(Referring expression grounding data)
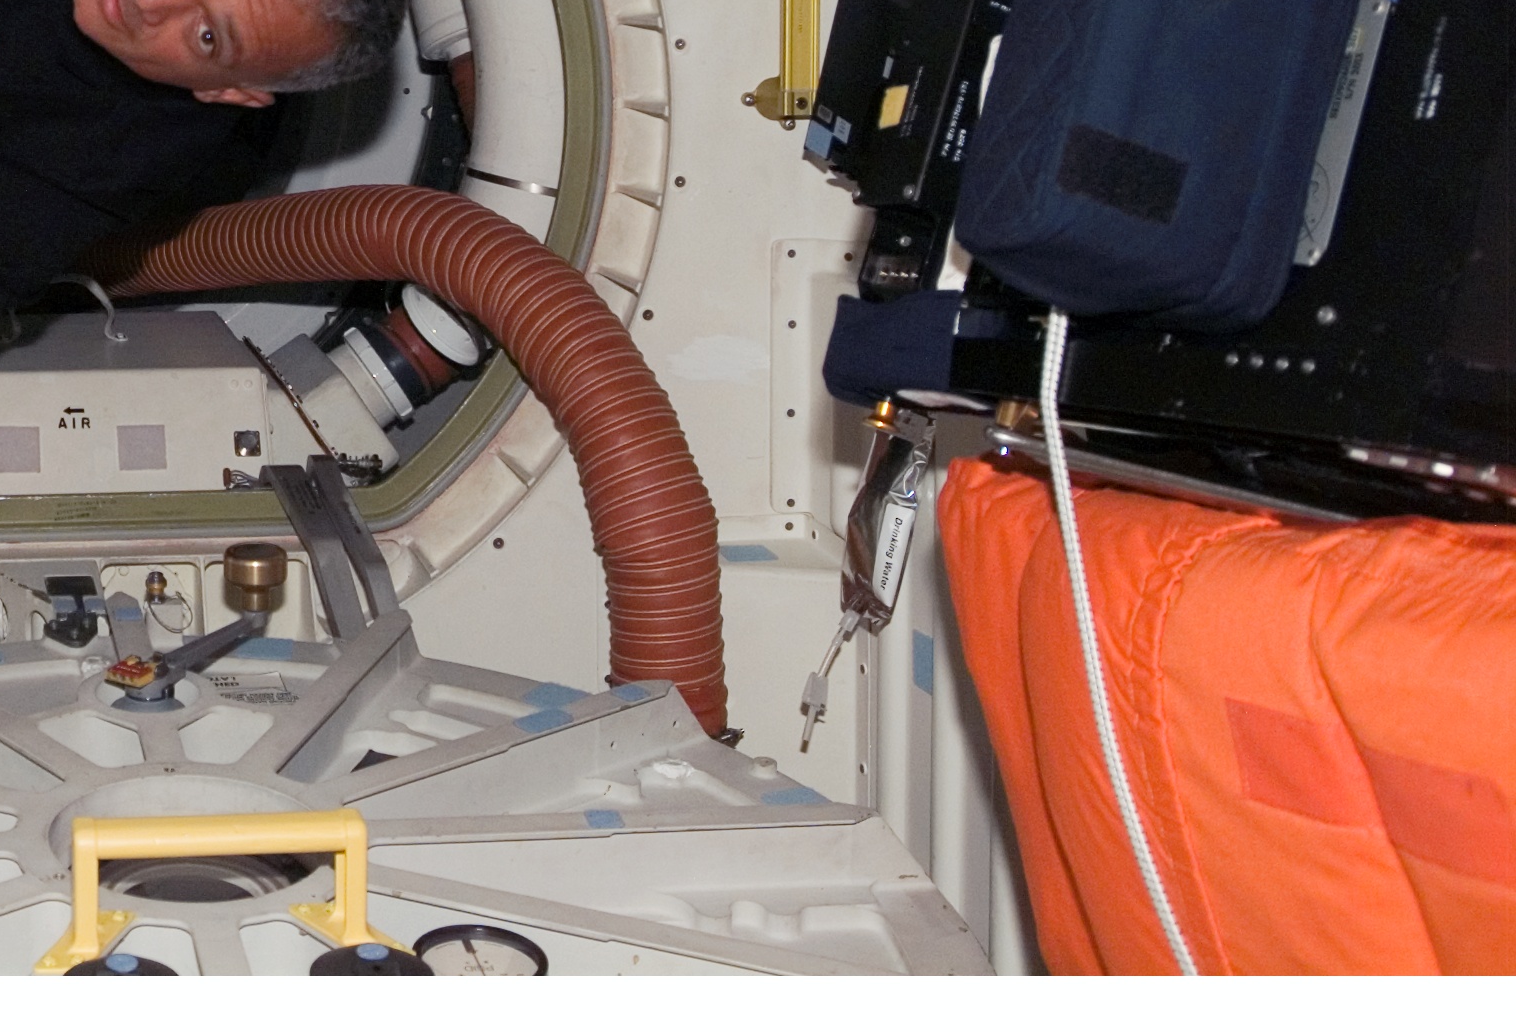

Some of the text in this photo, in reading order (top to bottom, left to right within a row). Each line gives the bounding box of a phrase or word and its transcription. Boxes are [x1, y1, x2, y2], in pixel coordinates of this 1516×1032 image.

[57, 416, 92, 430] AIR
[880, 517, 904, 591] Drinking Water
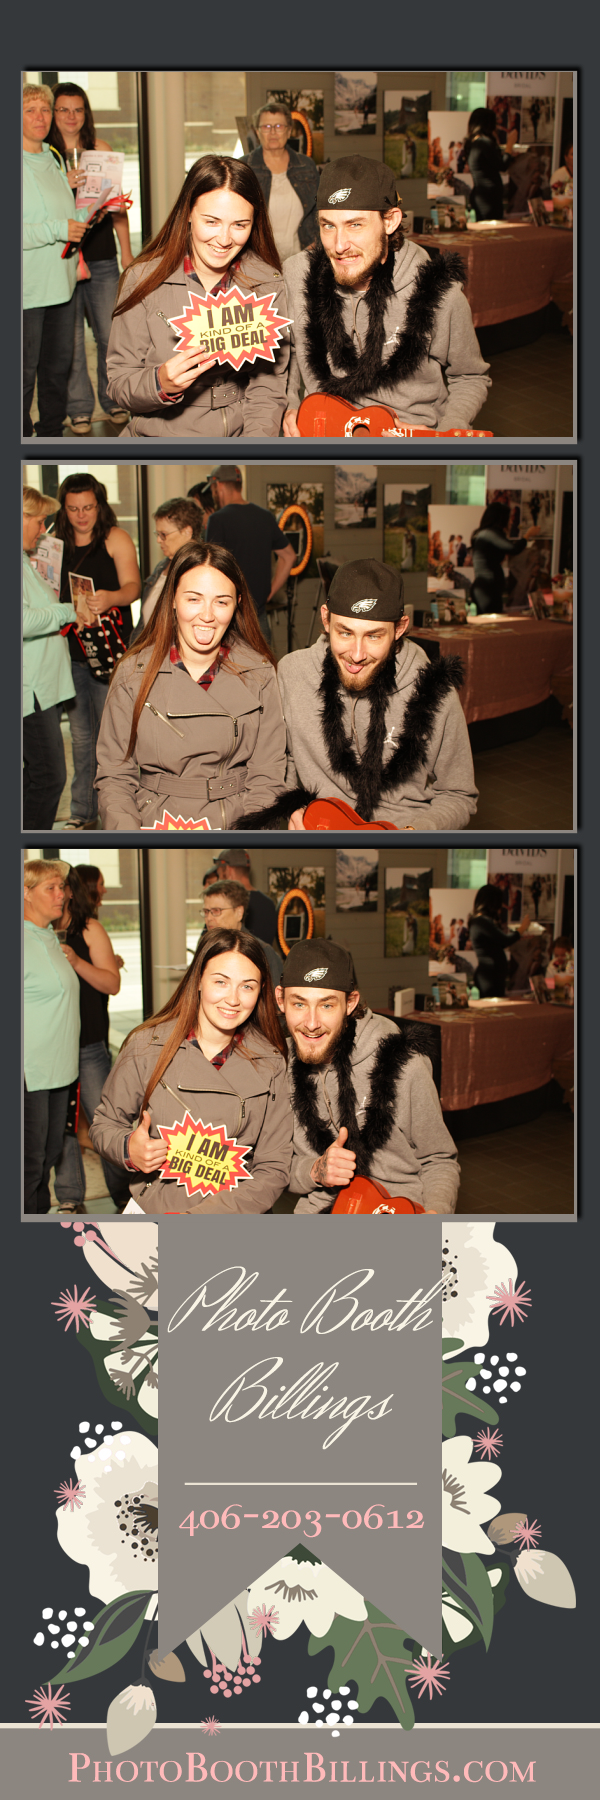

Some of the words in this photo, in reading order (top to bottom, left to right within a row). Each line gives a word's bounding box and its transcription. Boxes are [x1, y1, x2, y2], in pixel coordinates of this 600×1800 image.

[207, 309, 214, 329] I
[221, 303, 255, 327] AM
[200, 327, 232, 339] KIND
[235, 323, 253, 332] OF
[256, 321, 265, 329] A
[200, 336, 226, 353] BIG
[230, 329, 268, 349] DEAL
[175, 1149, 203, 1162] KIND
[205, 1158, 221, 1167] OF
[186, 1133, 196, 1151] I
[197, 1137, 230, 1162] AM
[168, 1155, 193, 1174] BIG
[194, 1164, 227, 1185] DEAL
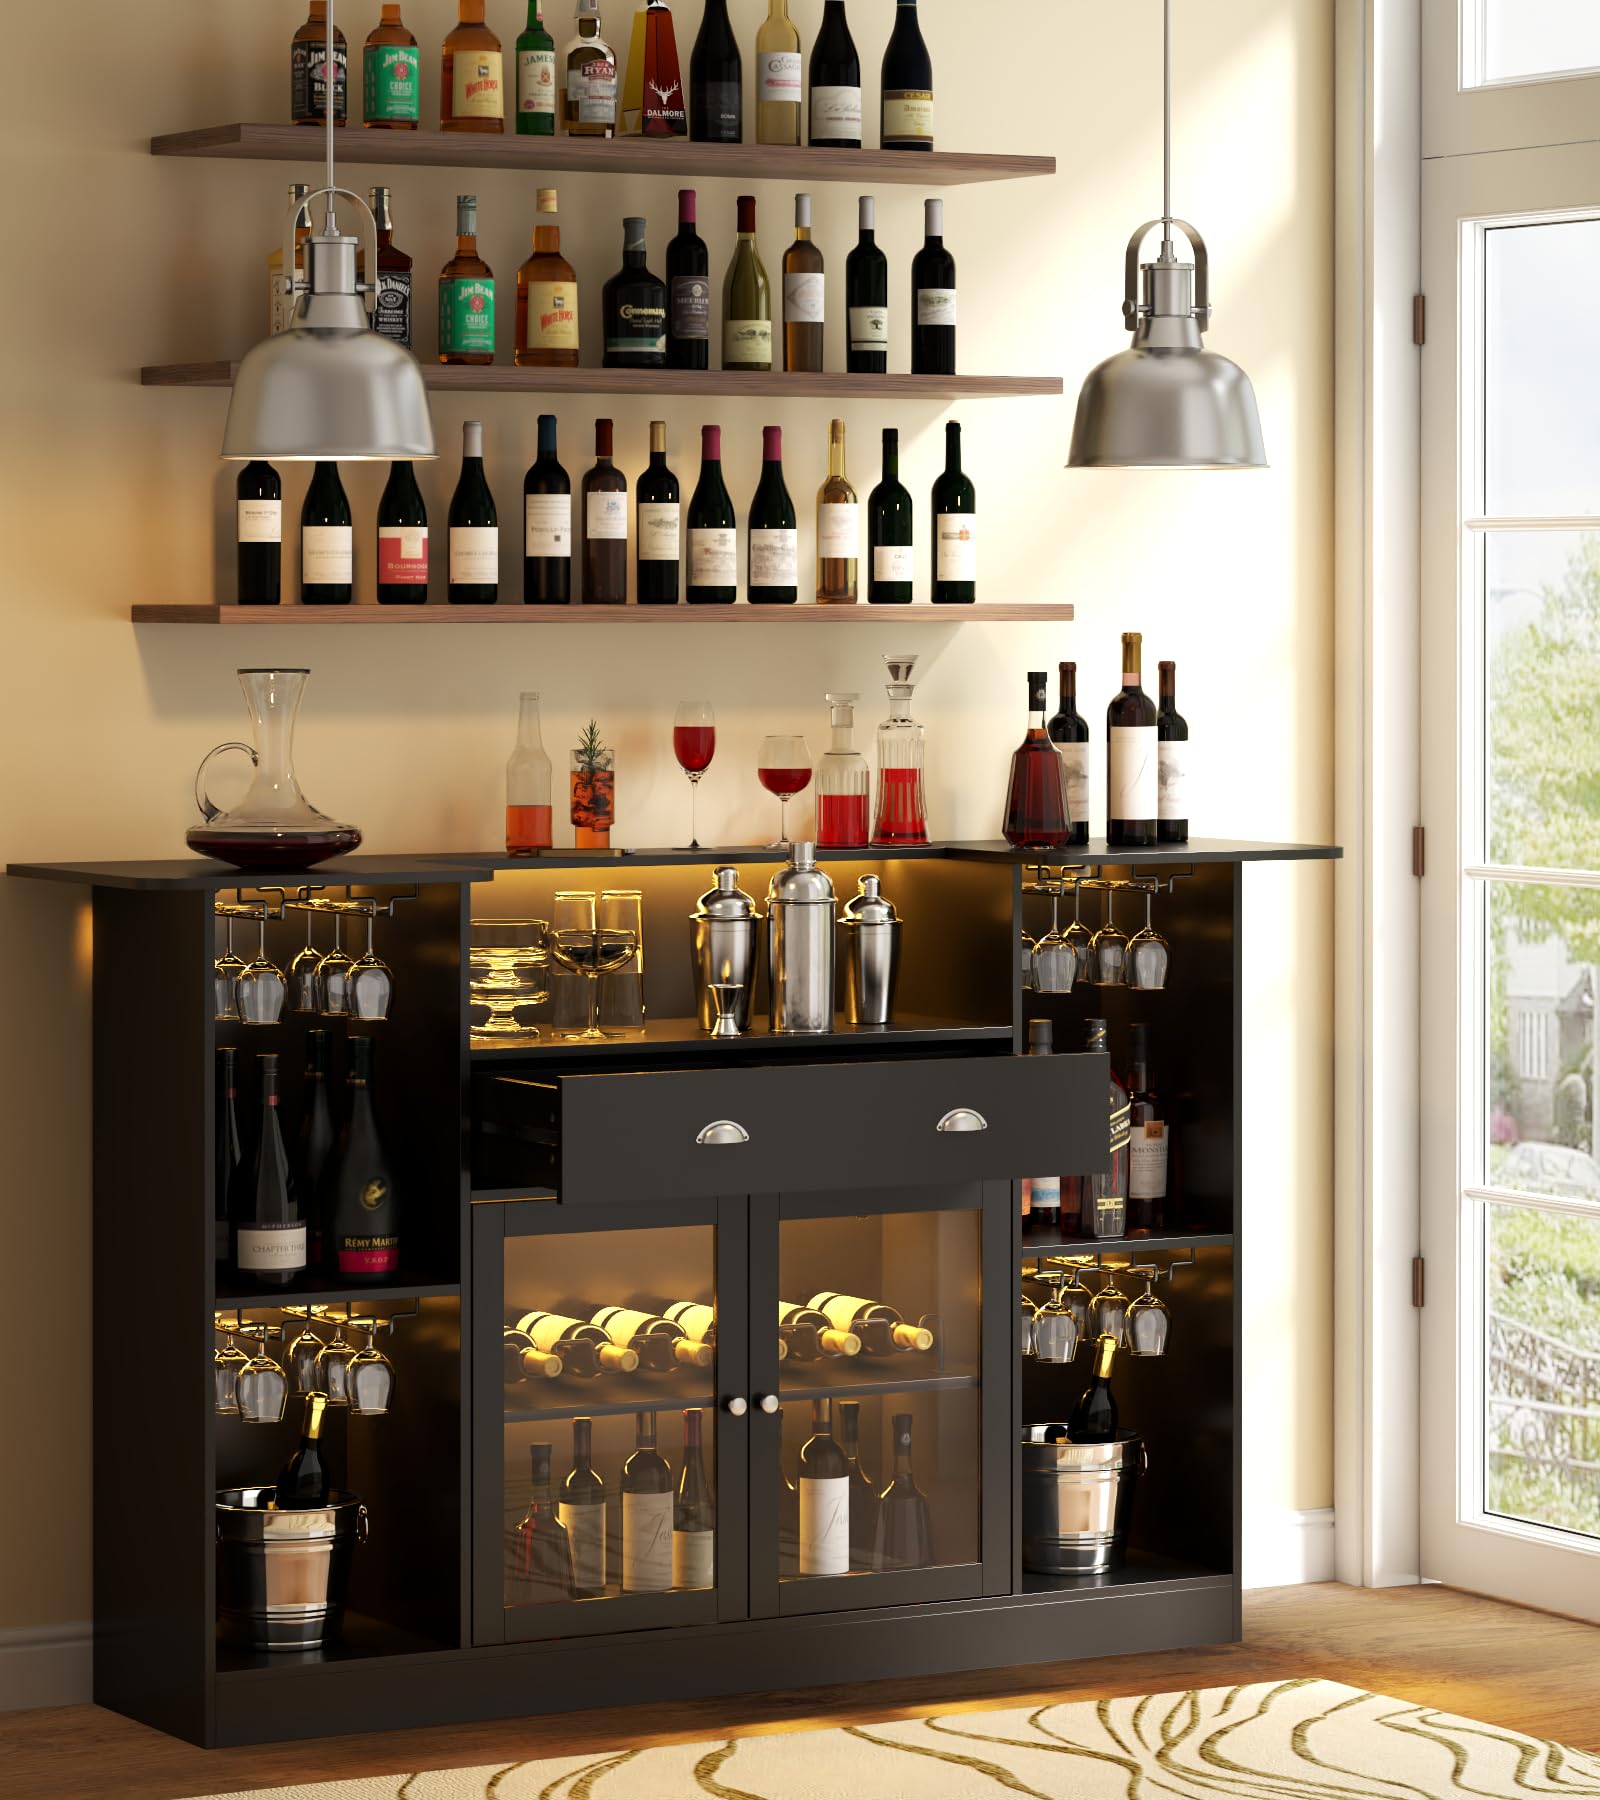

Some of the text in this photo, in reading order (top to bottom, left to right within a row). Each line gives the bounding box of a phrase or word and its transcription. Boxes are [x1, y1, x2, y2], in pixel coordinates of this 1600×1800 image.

[307, 50, 347, 68] JIM EAM
[383, 52, 398, 68] JIM
[584, 66, 614, 76] RYAN
[314, 82, 344, 92] BLCK
[647, 109, 685, 118] DALMORE
[458, 286, 474, 300] JIM

(Directions) Extract every line of the data exactly; pictures stay out.

(Answer to this problem)
Some of the text in this photo, in reading order (top to bottom, left to right within a row). Each line gives the bounding box of a phrase or word and its transcription. Boxes are [x1, y1, x2, y2], in pixel coordinates of this 1516×1032 image.

[57, 416, 92, 430] AIR
[880, 517, 904, 591] Drinking Water

Some of the words in this photo, in reading order (top to bottom, left to right within a row). Each line gives a word's bounding box and its transcription. Boxes are [x1, y1, x2, y2], in pixel coordinates of this 600×1800 image.

[207, 309, 214, 329] I
[221, 303, 255, 327] AM
[200, 327, 232, 339] KIND
[235, 323, 253, 332] OF
[256, 321, 265, 329] A
[200, 336, 226, 353] BIG
[230, 329, 268, 349] DEAL
[175, 1149, 203, 1162] KIND
[205, 1158, 221, 1167] OF
[186, 1133, 196, 1151] I
[197, 1137, 230, 1162] AM
[168, 1155, 193, 1174] BIG
[194, 1164, 227, 1185] DEAL

Some of the text in this photo, in reading order (top to bottom, left to right within a row). Each line gives the bounding box of a phrase or word and its transcription. Boxes are [x1, y1, x2, y2], in pixel coordinates of this 1600×1800 image.

[307, 50, 347, 68] JIM EAM
[383, 52, 398, 68] JIM
[584, 66, 614, 76] RYAN
[314, 82, 344, 92] BLCK
[647, 109, 685, 118] DALMORE
[458, 286, 474, 300] JIM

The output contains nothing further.